- _EXERCISE REQUIREMENTS_:
Could you retype every line below exactly, omitting the images?

- _PROVIDED DATA_:
*** Block opens ***
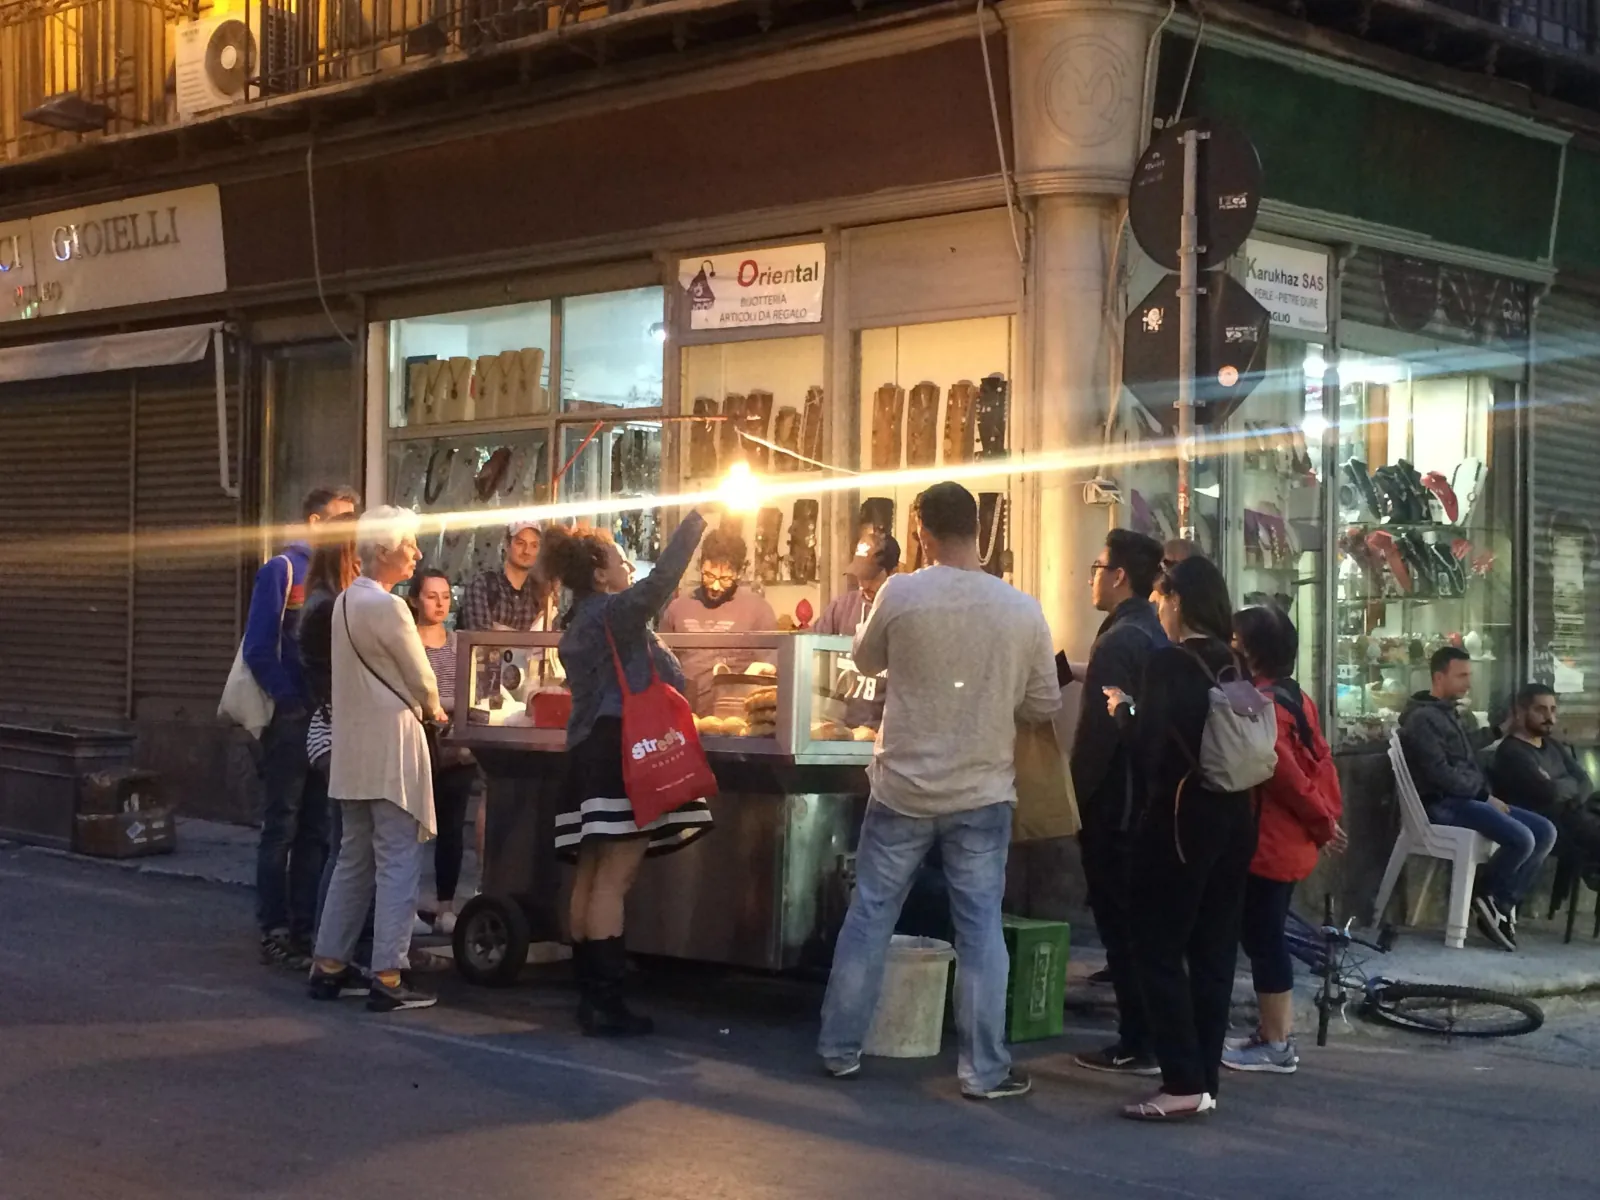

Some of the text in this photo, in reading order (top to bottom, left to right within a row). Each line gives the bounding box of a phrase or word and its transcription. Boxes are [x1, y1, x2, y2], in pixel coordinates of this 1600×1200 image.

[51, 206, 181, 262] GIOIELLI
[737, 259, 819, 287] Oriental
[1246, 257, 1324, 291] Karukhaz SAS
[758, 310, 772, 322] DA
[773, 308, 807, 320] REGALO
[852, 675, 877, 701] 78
*** Block closes ***
- _TASK SOLUTION_:
Some of the text in this photo, in reading order (top to bottom, left to right within a row). Each line gives the bounding box of a phrase or word and its transcription. Boxes are [x1, y1, x2, y2], in pixel coordinates of this 1600×1200 image.

[51, 206, 181, 262] GIOIELLI
[737, 259, 819, 287] Oriental
[1246, 257, 1324, 291] Karukhaz SAS
[758, 310, 772, 322] DA
[773, 308, 807, 320] REGALO
[852, 675, 877, 701] 78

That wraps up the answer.